**Entries shown**.
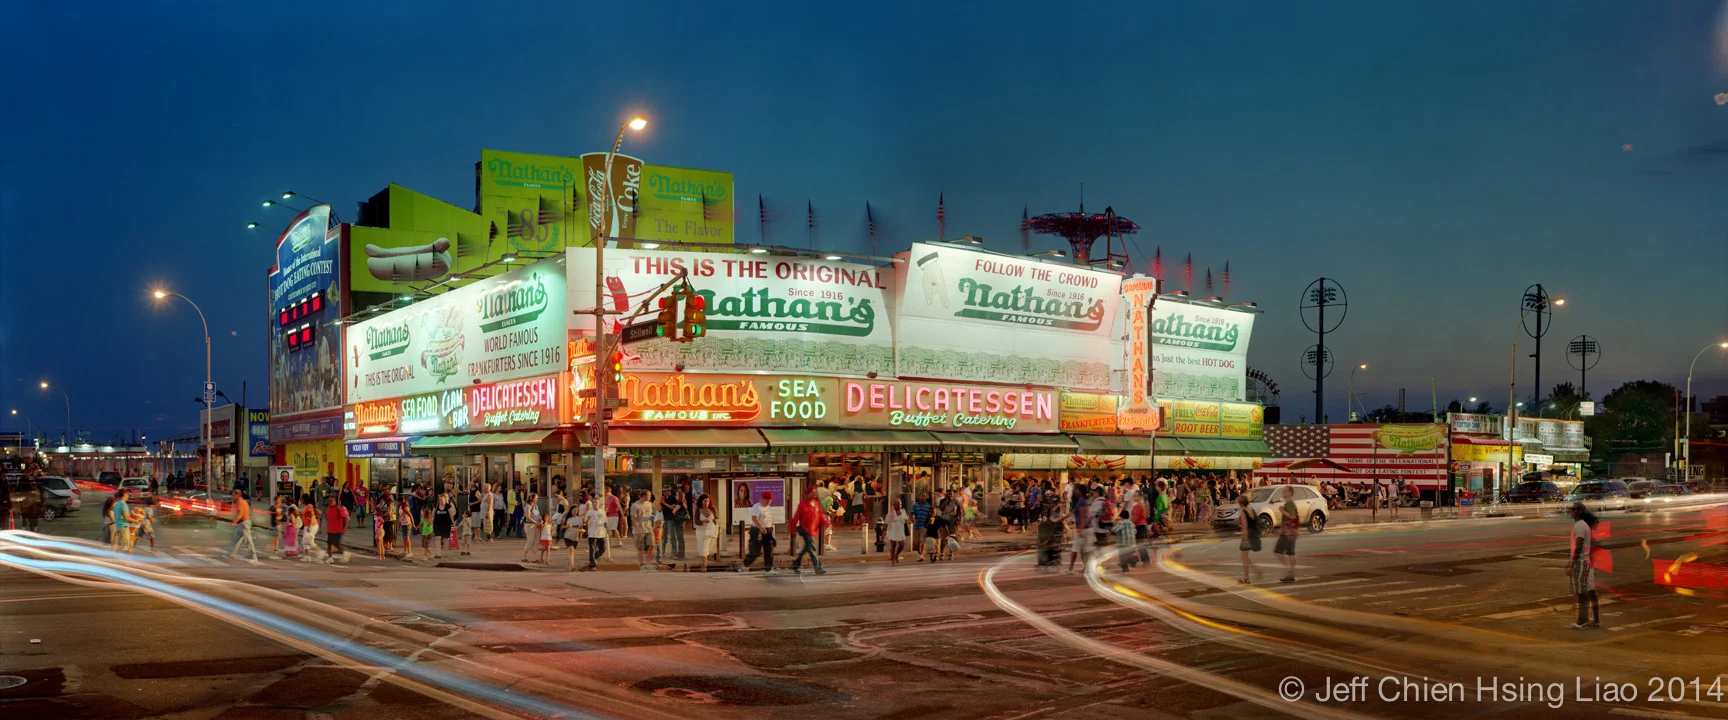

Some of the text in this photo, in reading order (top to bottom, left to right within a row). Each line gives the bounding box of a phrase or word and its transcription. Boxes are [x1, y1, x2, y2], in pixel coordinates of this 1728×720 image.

[488, 158, 574, 183] Nathan's
[617, 164, 641, 213] Coke
[648, 174, 727, 197] Nathan's
[655, 218, 723, 237] The Flavor
[283, 274, 293, 293] DOG
[293, 263, 310, 284] EATING
[309, 260, 333, 276] CONTEST
[629, 256, 887, 290] THIS IS THE ORIGINAL
[975, 259, 1098, 289] FOLLOW THE CROWD
[476, 272, 549, 320] Nathan's
[788, 287, 844, 301] Since 1916
[958, 277, 1106, 320] Nathan's
[1046, 288, 1085, 301] Since 1916
[739, 321, 808, 332] FAMOUS
[1001, 314, 1054, 326] FAMOUS
[1152, 313, 1239, 343] athan's
[1195, 315, 1225, 325] Since 1916
[366, 320, 411, 351] Nathan's
[484, 327, 538, 353] WORLD FAMOUS
[630, 326, 653, 339] Stillwell
[1159, 338, 1200, 348] FAMOUS
[431, 352, 459, 376] Nathan's
[468, 353, 516, 378] FRANKFURTERS
[517, 351, 539, 371] SINCE
[540, 346, 561, 364] 1916
[1161, 354, 1174, 363] just
[1175, 356, 1186, 364] the
[1188, 357, 1201, 366] best
[1202, 357, 1217, 367] HOT
[1218, 360, 1235, 368] DOG
[365, 365, 415, 387] THIS IS THE ORIGINAL
[472, 378, 555, 417] DELICATESSEN
[618, 374, 760, 407] Nathan's
[778, 379, 819, 398] SEA
[402, 395, 438, 420] SEA FOOD
[441, 389, 463, 417] CLAM
[607, 399, 619, 407] SURF
[771, 400, 826, 419] FOOD
[846, 382, 1052, 420] DELICATESSEN
[1062, 395, 1097, 407] Nathan's
[355, 401, 398, 424] Nathan's
[452, 405, 469, 429] BAR
[484, 408, 540, 427] Buffet Catering
[643, 409, 709, 420] FAMOUS
[890, 410, 1017, 429] Buffet Catering
[1061, 415, 1116, 430] FRANKFURTERS
[1175, 409, 1194, 418] FRIES
[1175, 423, 1220, 434] ROOT BEER
[1389, 435, 1437, 449] Nathan's

**Task requirements**. Report how many lines of the listing hold the string "ORIGINAL", giving only the number.

**Solution to the problem**. 2